Contain information about Controller and Balancer.

Audit logs

Contain information about various commands executed in ASE.

  • Access

  • Management

  • Audit

Access logs

Access logs are generated for port 80 (default port) and 443 (default port) traffic. Each Balancer process has a corresponding Access log file (that is. two port 80 Balancer processes and two port 443 Balancer processes require four log files). The log file name format is <protocol><port>_pid<process-ID>access<date>.log.

The following are examples for port 80 and port 443:

  • http_ws_80_pid_19017_access_2018-01-22_13-10.log

  • https_wss_443_pid_19018_access_2018-01-22_13-10.log

Access logs are rotated every 10 minutes and archived. The archived log file format has .gz at the end of the log file name, for example http_ws_80_pid_19017_access_2018-01-22_13-10.log.gz.

ASE sends all archived log files to API Behavioral Security (ABS) to detect attacks using machine learning algorithms. The files are then moved to the logs/abs_uploaded directory.

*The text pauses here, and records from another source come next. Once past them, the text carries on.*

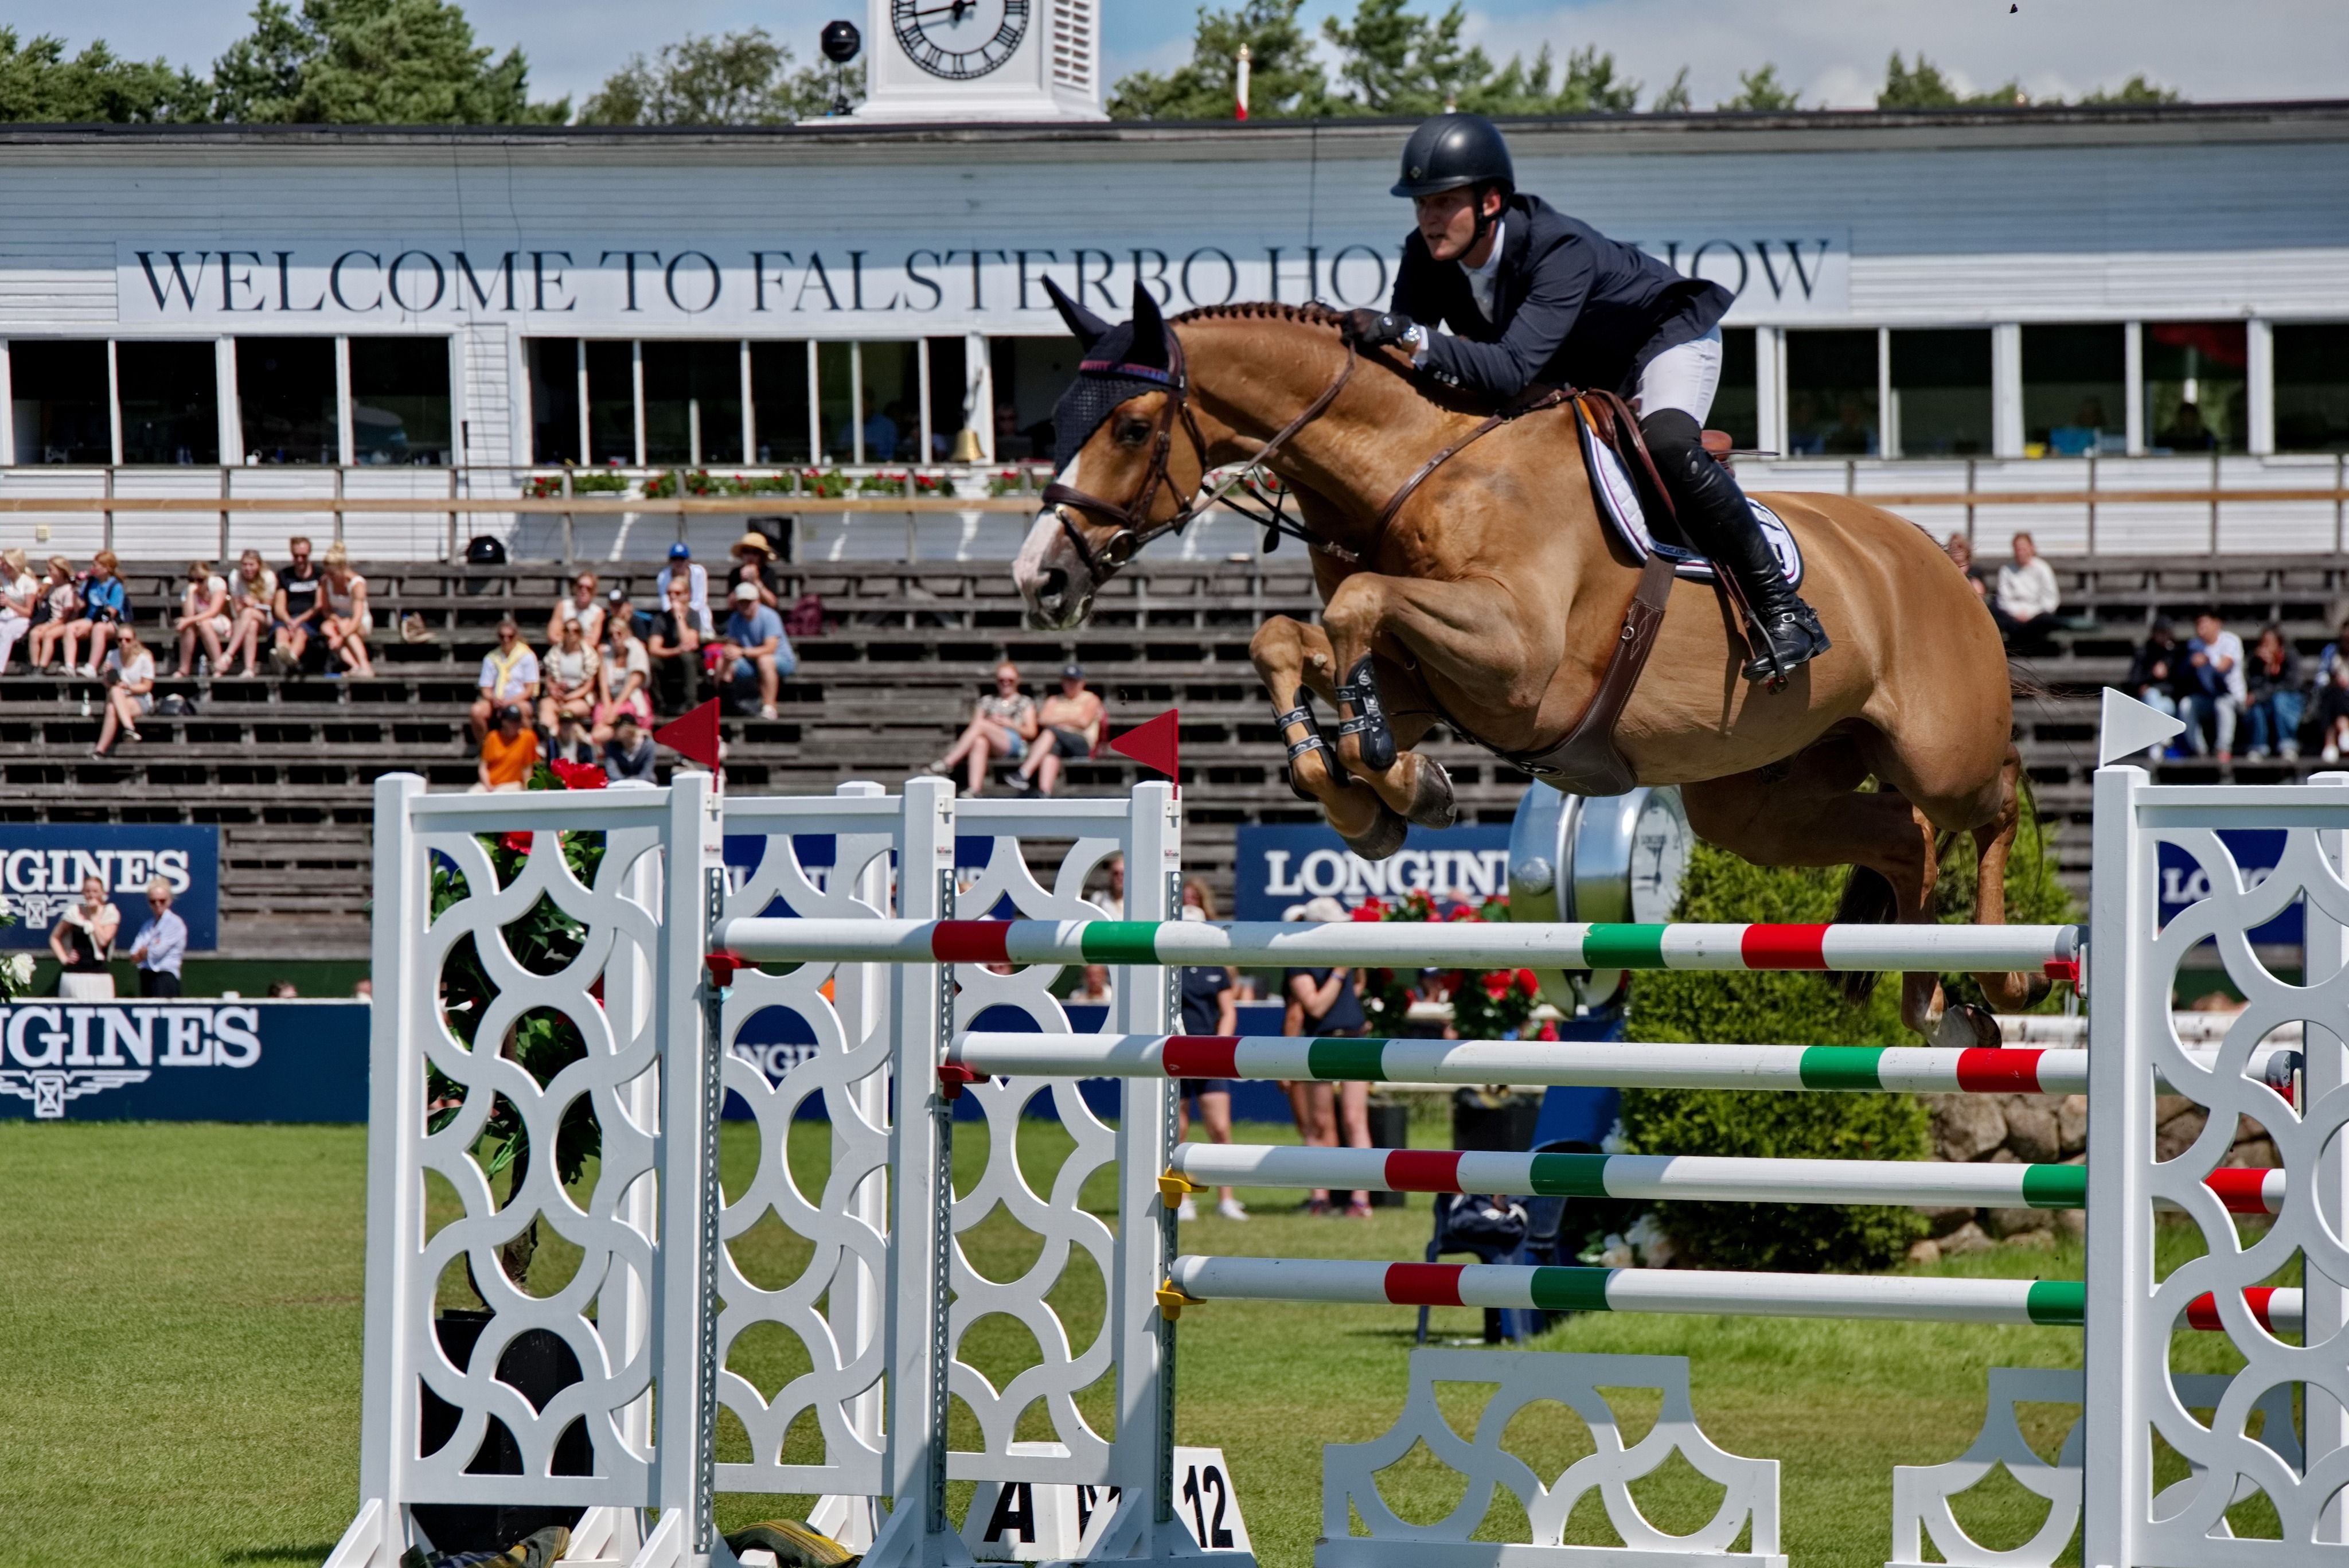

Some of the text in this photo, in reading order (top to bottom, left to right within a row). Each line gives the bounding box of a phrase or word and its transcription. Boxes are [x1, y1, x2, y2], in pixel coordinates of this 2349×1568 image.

[134, 249, 577, 313] WELCOME
[599, 250, 721, 314] TO
[748, 246, 1238, 312] FALSTERBO
[1263, 244, 1406, 307] HO
[0, 849, 190, 894] GINES
[1264, 849, 1511, 896] LONGIN
[0, 1006, 261, 1068] GINES
[983, 1482, 1035, 1543] A
[1183, 1465, 1234, 1548] 12

The following snippet shows an example log file:

-rw-r--r--. 1 root root 0 Aug 10 13:10 http_ws_80_pid_0access2018-01-22_13-10.log
-rw-r--r--. 1 root root 0 Aug 10 13:10 https_wss_443_pid_0access2018-01-22_13-10.log
-rw-r--r--. 1 root root 0 Aug 10 13:10 http_ws_80_pid_19010access2018-01-22_13-10.log
-rw-r--r--. 1 root root 0 Aug 10 13:10 http_ws_80_pid_19009access2018-01-22_13-10.log
-rw-r--r--. 1 root root 0 Aug 10 13:10 https_wss_443_pid_19022access2018-01-22_13-10.log
-rw-r--r--. 1 root root 0 Aug 10 13:10 https_wss_443_pid_19017access2018-01-22_13-10.log
-rw-r--r--. 1 root root 33223 Aug 10 13:11 balancer.log
-rw-r--r--. 1 root root 20445 Aug 10 13:11 controller.log
-rw-r--r--. 1 root root 33244 Aug 10 13:11 balancer_ssl.log

Management logs

Management log detail levels, such as INFO, WARNING, and DEBUG, are configured in ase.conf.

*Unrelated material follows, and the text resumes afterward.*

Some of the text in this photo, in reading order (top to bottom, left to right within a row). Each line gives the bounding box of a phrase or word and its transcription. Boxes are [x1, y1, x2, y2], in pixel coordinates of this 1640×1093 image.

Generated by controller and balancers, management logs are stored in the logs directory and include:

  • Controller logs – controller.log

  • Balancer log for port 80 (default port) – balancer.log

  • Balancer log for port 443 – balancer_ssl.log

== Controller logs

The controller.log file is a log file with data from the command-line interface (CLI), REST API, configurations, IPC, SSL, cluster, and ABS. Rotated every 24 hours, controller.log is the current file name. Older files are appended with a timestamp.

== Balancer logs

The balancer.log file for port 80 and balancer_ssl.log file for port 443 are static files that are not rotated. These files contain information about IPC between controllers and balancer processes as well as IPC between balancer processes.

In a sideband ASE deployment, the balancer checks for request-response parsing error every 30 seconds. Parsing error statistics are logged in balancer.log file only if the balancer encounters parsing errors. If there are no errors in a 30-second period, the balancer.log file does not show the JSON output.

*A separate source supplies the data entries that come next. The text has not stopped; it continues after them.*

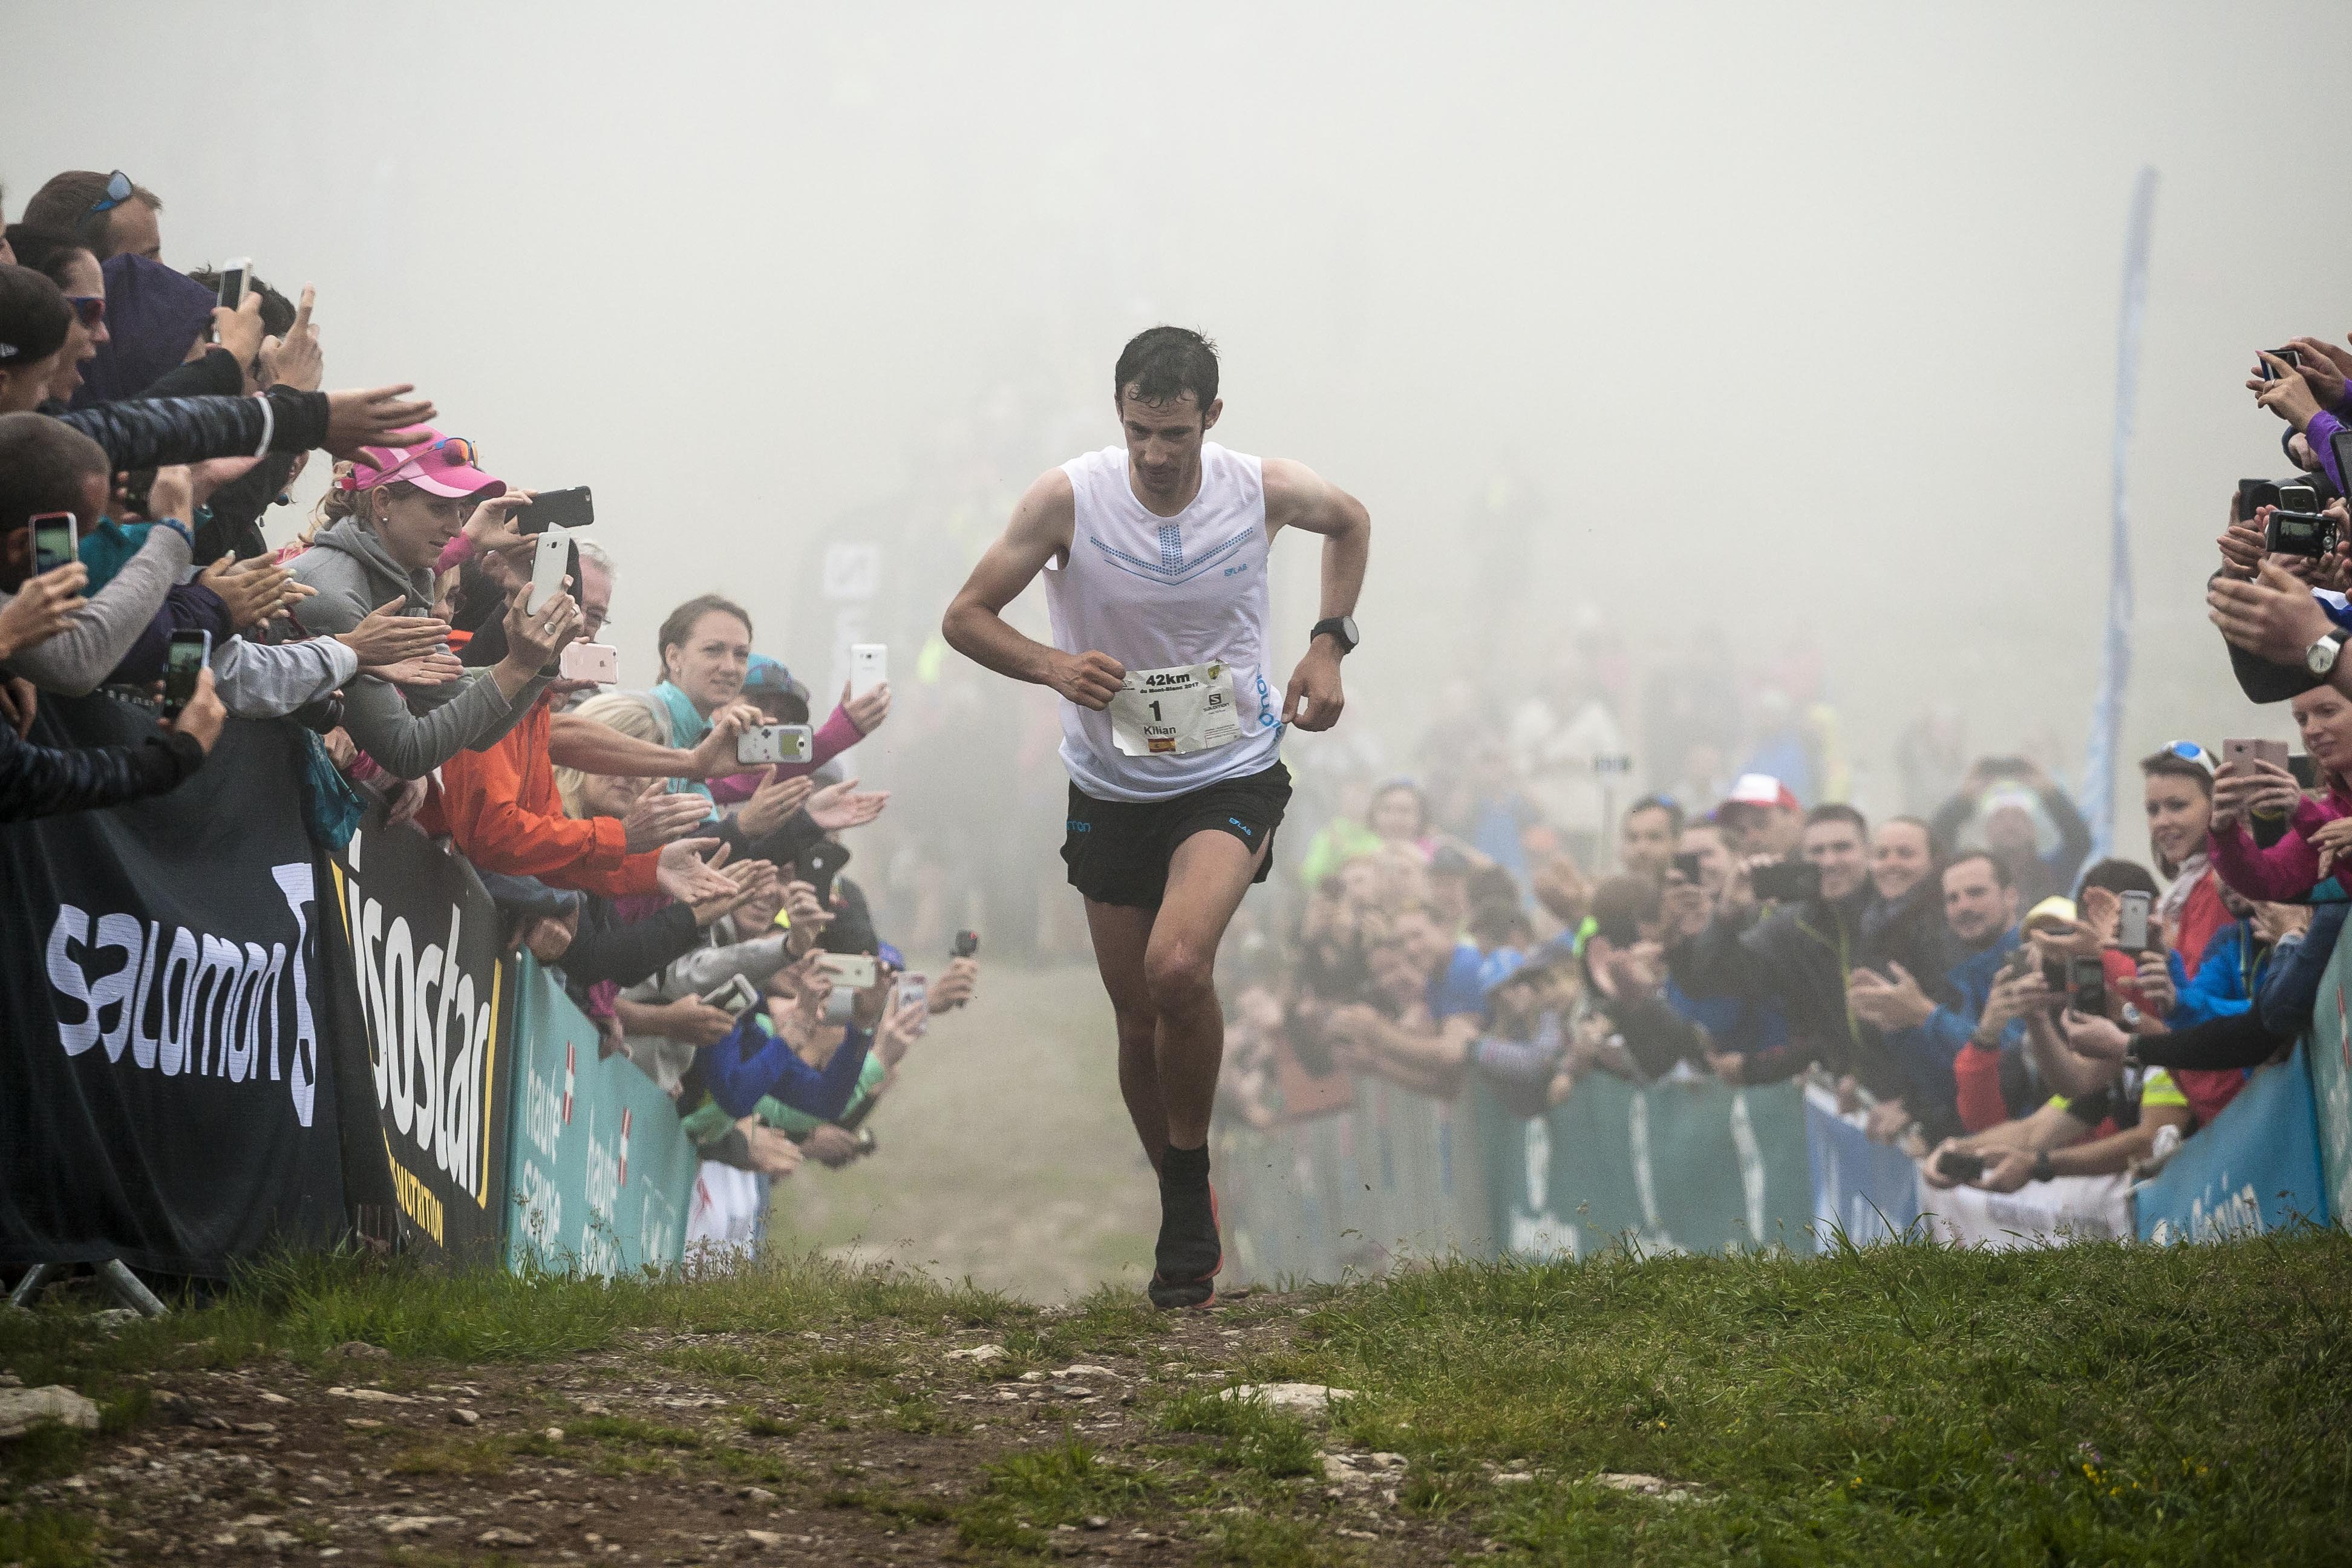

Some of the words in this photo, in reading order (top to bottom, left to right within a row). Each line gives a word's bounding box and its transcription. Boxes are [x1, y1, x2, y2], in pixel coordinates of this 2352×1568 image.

[1146, 673, 1191, 686] 42km
[1149, 700, 1162, 722] 1
[1143, 725, 1177, 736] Kilian
[45, 904, 287, 1082] salomon
[348, 827, 491, 1200] isostar

The following is a snippet of request-response parsing error statistics:

{
  "sideband stats": {
    "request parsing errors": {
      "total requests failed": 1,
      "request body absent": 0,
      "request body malformed": 0,
      "request source ip absent": 1,
      "request source ip invalid": 0,
      "request method absent": 0,
      "request url absent": 0,
      "request host header absent": 0,
      "request authentication failure": 0,
      "request error unknown": 0
    },
    "response parsing errors": {
      "total responses failed": 1,
      "response body absent": 0,
      "response body malformed": 0,
      "response code absent": 0,
      "response authentication failure": 0,
      "response correlation id not found": 1,
      "response error unknown": 0
    }
  }
}

The snippet shows that there was one parsing error for request and one for the response. The statistics also lists the type of request and response error.

Audit logs

ASE logs administrator actions, such as CLI commands and configuration changes, and stores audit logs in the opt/pingidentity/ase/logs directory. Performed on a per ASE node basis, audit logging is enabled by default.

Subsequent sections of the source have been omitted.